Посреди подземного перехода, обтекаемый с обеих сторон густой толпой, словно загадочный дорожный знак, стоял новенький торшер. На расстоянии руки от него в очереди за газетами толчками продвигался Во­лодя.

— На все! — Он протянул продавцу рубль. Тот мол­ча отвел крупную купюру и принял мелочь из рук сле­дующего. Володю оттеснили, он начал пробиваться об­ратно, но тут какой-то торопыга с размаху налетел на торшер, и они с Володей поймали хрупкий колпак у са­мого пола. Торопыга при этом слегка ударился и теперь проверял часы: приложил их к уху, потом осмотрел циферблат. Часы были целы, шли и показывали без пяти шесть. Володя засуетился. Не выпуская торшера, про­тянул продавцу медяк, схватил газету и помчался по переходу — если только можно было мчаться в час «пик» под Манежной площадью.

Толпа лезла из-под земли, как паста из тюбика. Во­лодя вырвался из могучих течений и с торшером на­перевес, словно с карабином, ринулся к осажденным дверям троллейбуса... Он теснился на подножке. Одна рука обнимала торшер, другая, с газетой, торчала из дверей. Двери с шипением съехались, и надо же — заку­сили газету так, что она наполовину высунулась наружу.

Брякала мелочь в кассах, качались спины, шелесте­ли «Вечорки». Володя выворачивался и так и этак. То ему удавалось разглядеть уголок страницы, то какой- нибудь заголовок. Но его стихотворение, как назло, не попадалось. Ладно, подумал Володя. Доедем — свою прочту.

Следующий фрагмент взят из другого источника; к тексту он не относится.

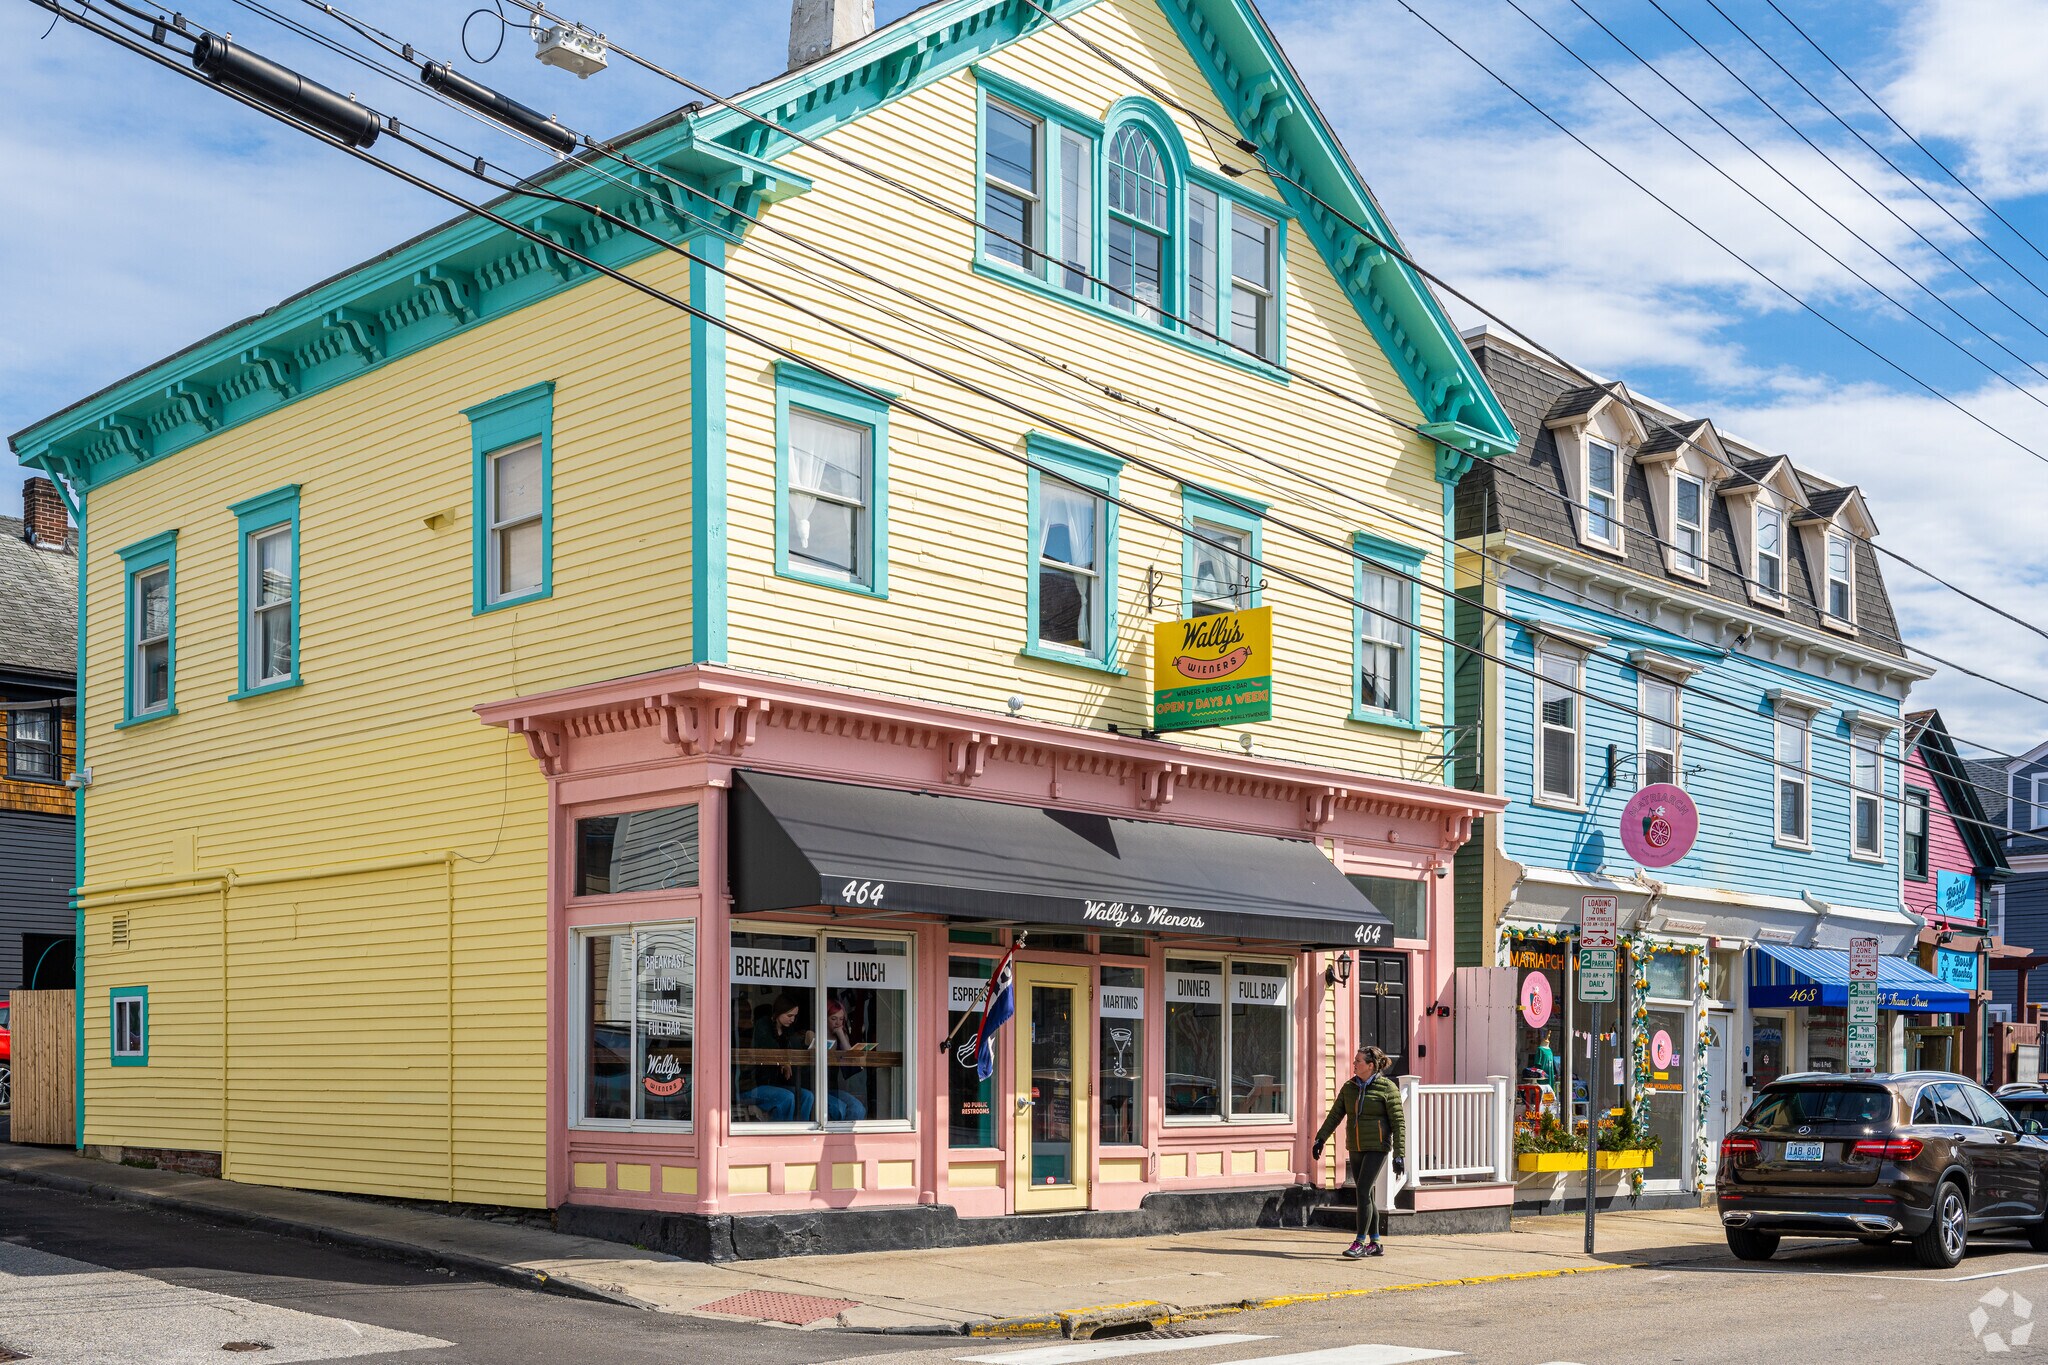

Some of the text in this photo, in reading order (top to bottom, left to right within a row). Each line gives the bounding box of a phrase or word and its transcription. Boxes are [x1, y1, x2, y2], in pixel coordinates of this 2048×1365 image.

Его газета, торчащая из задних дверей троллейбуса, плыла вдоль сплошного строя приткнувшихся к обочине автомобилей. В одном из них за рулем скучал смуглый красавец в мохнатой кепке. К счастью, его ждало кро­хотное приключение: возле притормозил, застревая в пробке, троллейбус. Красавец кошачьим движением ух­ватил газету, проплывавшую перед его окошком, нагло помахал Володе, смутно видимому через запыленные стекла, и, не разворачивая полностью, с нетерпением погрузился в изучение четвертой полосы, где рядом с ре­пертуаром кинотеатров стояло несколько траурных ра­мок.

Часы на «Известиях» показывали пять минут седь­мого.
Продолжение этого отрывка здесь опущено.